Фашизм 19 года выступает сразу с кричащими национально-революционными лозунгами. Муссолини старается подчеркнуть, что по-прежнему он, подобно Гарибальди, совмещает в себе националиста и революционера-республиканца. Он выражает волю и чувства фронтовиков: «необходимо, – твердит он, – сообщить войне социальное содержание, и массы, защищавшие отечество, не только вознаградить, но и, для будущего, спаять их с нацией и ее развитием». Программа рядового фронтовика ясна: спасение нации, укрепление ее достоинства, обеспечение ее счастья и – «обеспечение героям окопов, – людям труда, – возможности воспользоваться революционными плодами революционной войны».

С этим вполне согласуются симпатии и национального пролетариата. Вот почему когда в мае 1919 под Миланом вспыхнула бурная рабочая забастовка и рабочие, захватив фабрику, подняли над нею не красный, а национальный флаг, – Popolo d’Italia демонстративно становится на сторону рабочих. Однако подзаголовок «ежедневная социалистическая газета» все же исчезает с первой страницы фашистского официоза и заменяется другим: Giornale dei combattenti e dei produttori, газета бойцов и трудящихся. Главная задача в поднятии производства – проповедует фашистский орган. Если рабочие союза смогут поднять производство, пусть занимают они место предпринимателей!
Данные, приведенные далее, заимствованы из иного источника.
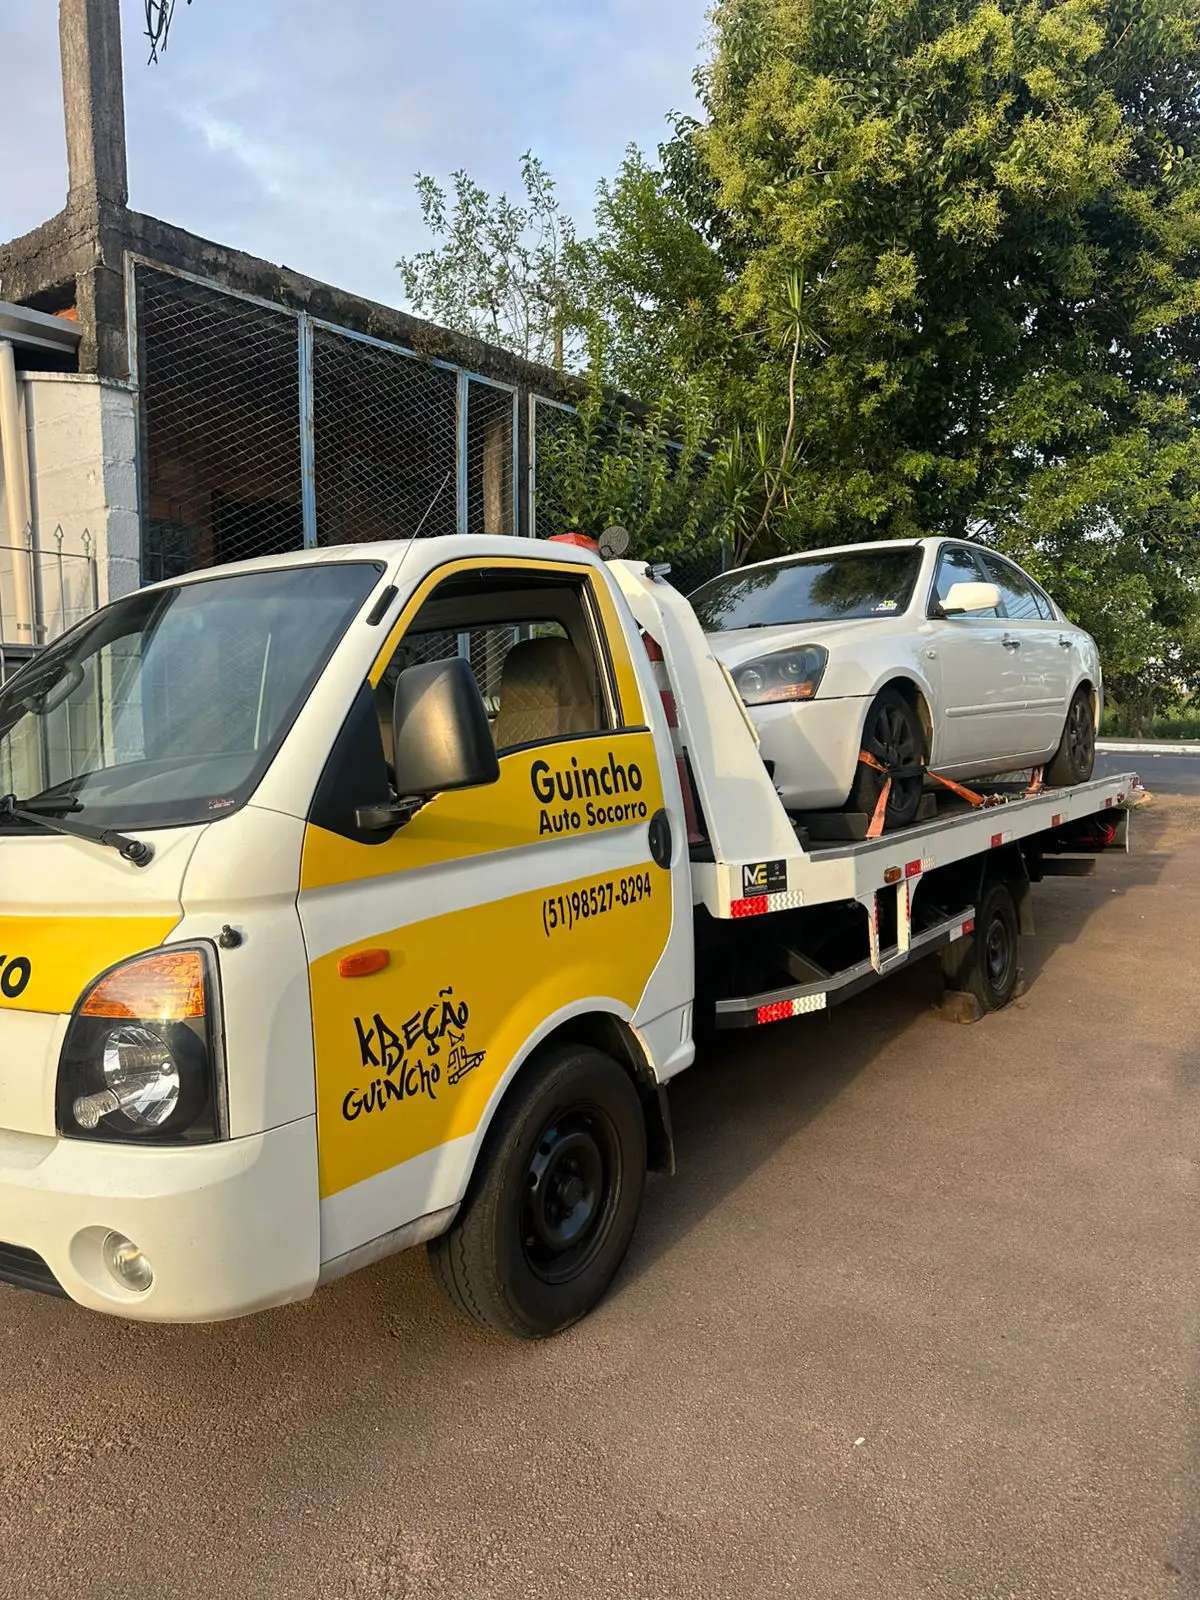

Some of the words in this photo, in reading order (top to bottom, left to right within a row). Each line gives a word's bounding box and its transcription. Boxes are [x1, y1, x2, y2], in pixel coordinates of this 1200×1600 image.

Первый съезд фашистов в Милане проходил в атмосфере вопросов внешней политики по преимуществу. Говорятся горькие слова по адресу союзников. Развертывается программа-максимум итальянского «демократического империализма». Съезд провозглашает, что национальная безопасность Италии может быть достигнута лишь путем удовлетворения ее притязаний в Альпийской области и на Адриатическом море, т. е. присоединения к ней Фиуме и Далмации. Муссолини в своей речи не жалеет красок и меньше всего хочет быть умеренным. Широкими мазками рисует он программу Великой Италии: «По нашему убеждению, – провозглашает он, – северная граница Италии должна доходить до Бреннера… Мы настаиваем на том, чтобы ее восточная граница достигала Невозо, ибо это есть естественная граница нашей родины. Мы не можем оставаться глухими к борьбе за Фиуме, мы глубоко чувствуем жизненность уз, связующих нас не только с итальянцами Зары, Рагузы, Катарро, но и с итальянцами Тессино, даже с теми итальянцами, которые не желают быть ими – с итальянцами Корсики, с итальянцами, живущими по ту сторону океана, с этой огромной семьей, которую мы хотим объединить под эгидой общей расовой гордости».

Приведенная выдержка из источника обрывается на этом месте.